== DATA FOR THE TASK ==

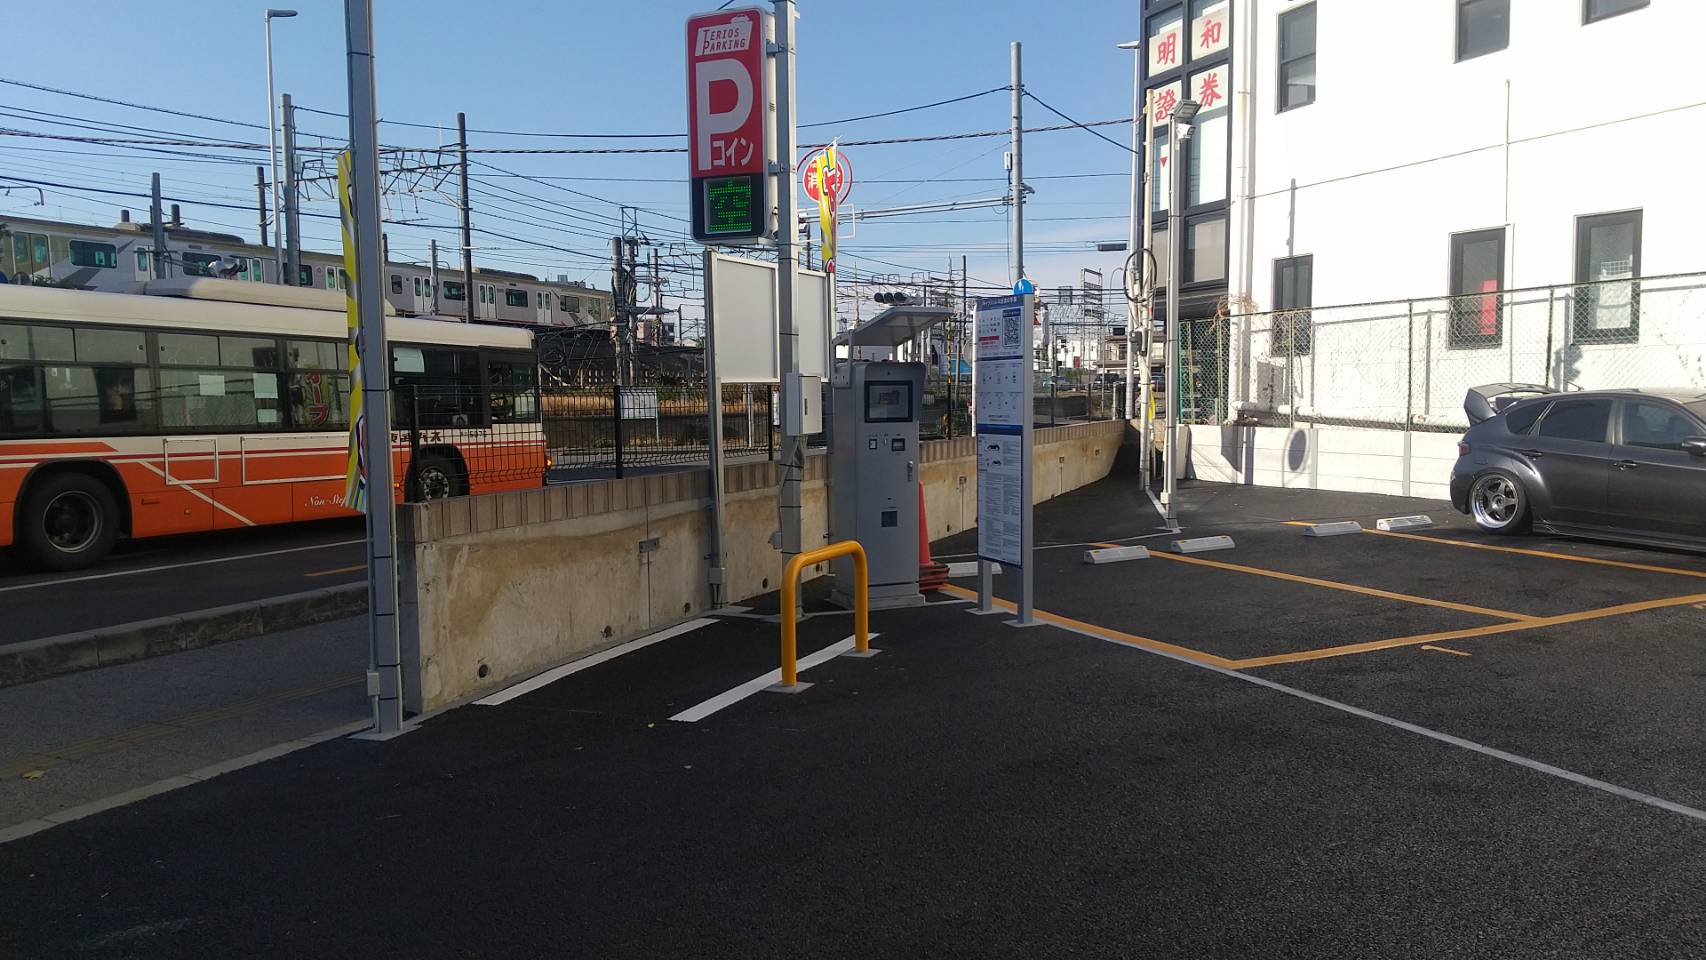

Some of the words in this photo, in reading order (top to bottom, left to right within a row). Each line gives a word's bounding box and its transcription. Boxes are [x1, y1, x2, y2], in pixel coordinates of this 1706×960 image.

[702, 38, 746, 54] PARKING
[703, 28, 740, 42] TERIOS
[695, 58, 753, 170] P
[712, 137, 754, 167] コイン

===

[BRIEF]
What you print must match the entries exactly, except that no pictures appear.

[RESULT BELOW]
Some of the words in this photo, in reading order (top to bottom, left to right within a row). Each line gives a word's bounding box and its transcription. Boxes are [x1, y1, x2, y2], in pixel coordinates of this 1706×960 image.

[702, 38, 746, 54] PARKING
[703, 28, 740, 42] TERIOS
[695, 58, 753, 170] P
[712, 137, 754, 167] コイン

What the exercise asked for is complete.